Central Manhattan was the scene of looting on Monday evening, prompting the mayor of New York to announce a longer curfew as early as Tuesday. Brand stores, such as Nike or Michael Kors on 5th Avenue, or electronics, cellphones or Lego stores of other major avenues in Midtown were looted in the early evening, before the entry into force of '' a new curfew from 11 p.m. local time.
Groups of young people, often around ten people, circulated from one street to another, while entire streets of this district, which was normally very touristy but deserted with the pandemic, were blocked by the police. Images from local NY1 television included looters running from a Best Buy chain electronics store before being apprehended by police.
Mayor Bill de Blasio deemed the situation "not acceptable". He said the curfew would start "earlier" Tuesday at 8 p.m. when it was first imposed on Monday from 11 p.m. to 5 a.m. "The city is completely under control, and for the most part calm and peaceful," nonetheless assured the mayor on the NY1 channel. The imposition of a curfew had been announced a few hours earlier by the mayor and the governor Andrew Cuomo, after demonstrations and looting during the weekend, notably in the trendy district of SoHo.
Demonstrations in around 40 cities
The American economic capital followed in the footsteps of some 40 other American cities, which imposed curfews in an attempt to calm the riots which engulfed the country, after the death of an unarmed black man, George Floyd, Monday in Minnesota, a new symbol of police brutality against the black minority. As in previous days, the protests started calmly on Monday afternoon, with more than a thousand gathered in Times Square, and about as many in Brooklyn. But things degenerated in the evening.

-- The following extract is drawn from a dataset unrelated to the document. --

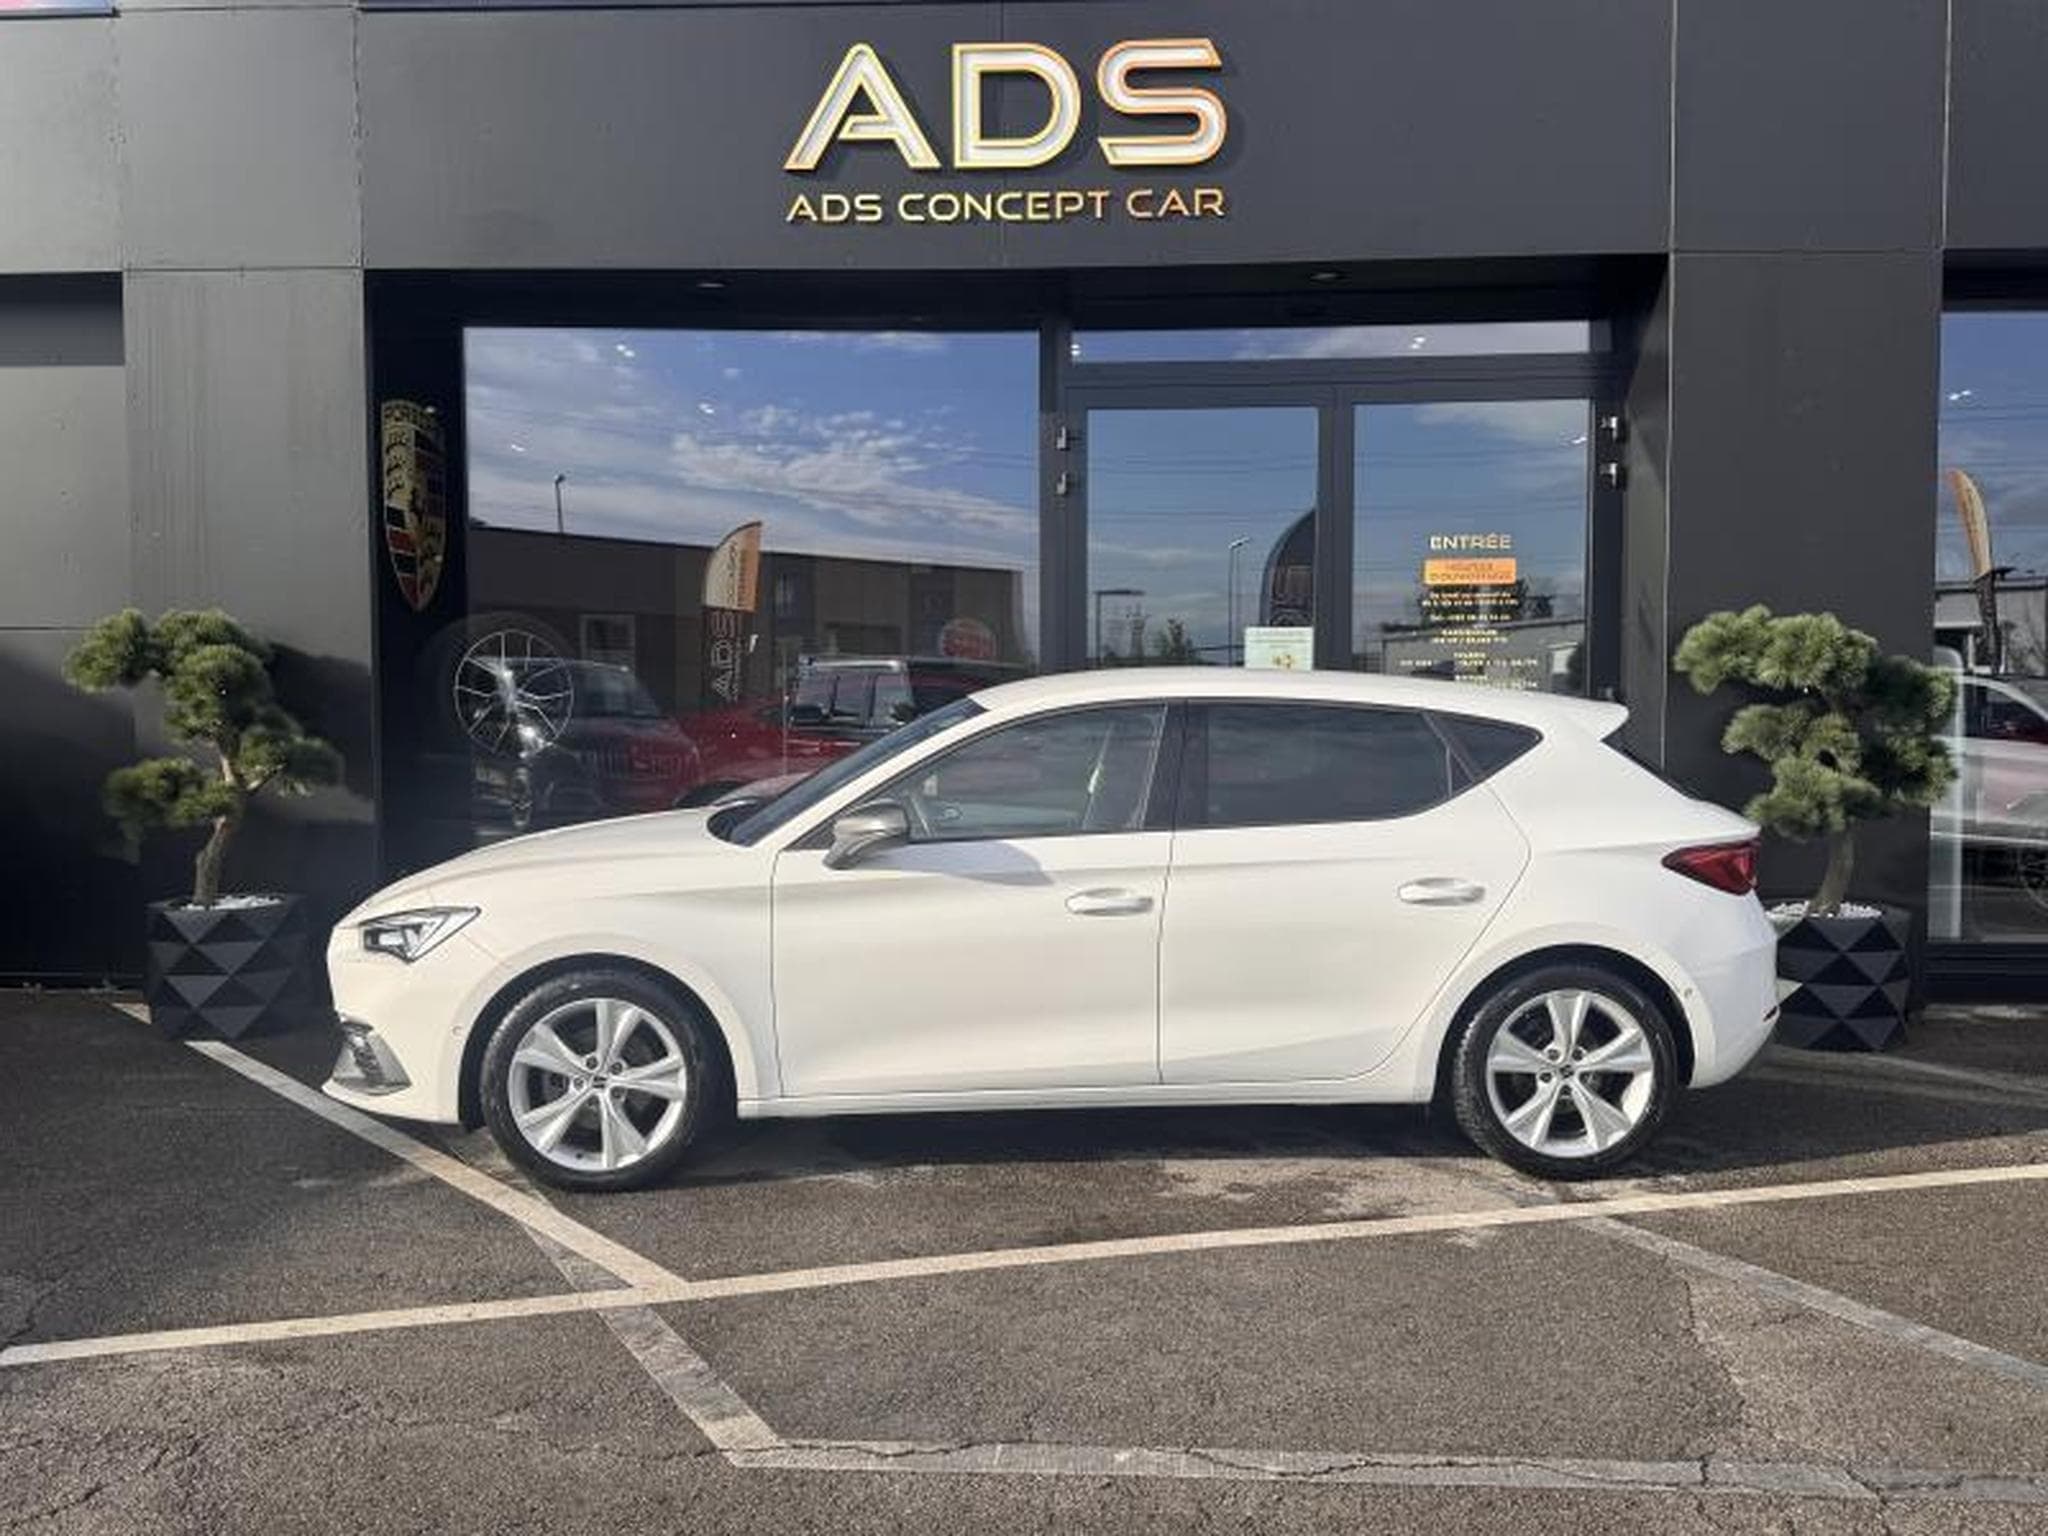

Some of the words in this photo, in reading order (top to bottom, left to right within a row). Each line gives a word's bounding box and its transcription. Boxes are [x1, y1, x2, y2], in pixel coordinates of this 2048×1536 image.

[784, 38, 1227, 170] ADS
[786, 194, 883, 222] ADS
[899, 192, 1109, 222] CONCEPT
[1126, 189, 1225, 217] CAR

Donald Trump talks about the deployment of the army
As New York faced new looting, President Donald Trump announced from Washington the deployment of "thousands of heavily armed soldiers" and police to Washington to end "the riots" and "the looting". The mayor De Blasio, a democrat, denounced "the bellicose terms" and the "polarizing rhetoric" of the Republican president, who is playing for his re-election in November. "But it was not his statements in the last few hours that caused all this, it is what he has done in recent years that has contributed to it," he said.
He's using the American military against the American people.
He tear-gassed peaceful protesters and fired rubber bullets.
For a photo.
For our children, for the very soul of our country, we must defeat him. But I mean it when I say this: we can only do it together. https://t.co/G1yE67q9Nz
For his part, the Democratic candidate for the White House Joe Biden accused Donald Trump of using the army "against the Americans" and tear gas against "peaceful demonstrators" for a communication operation. "He is using the US military against the Americans. He is sending tear gas against peaceful protesters and shooting rubber bullets. For a photo," the former US vice-president tweeted after Donald Trump's surprise visit in a iconic church near the White House.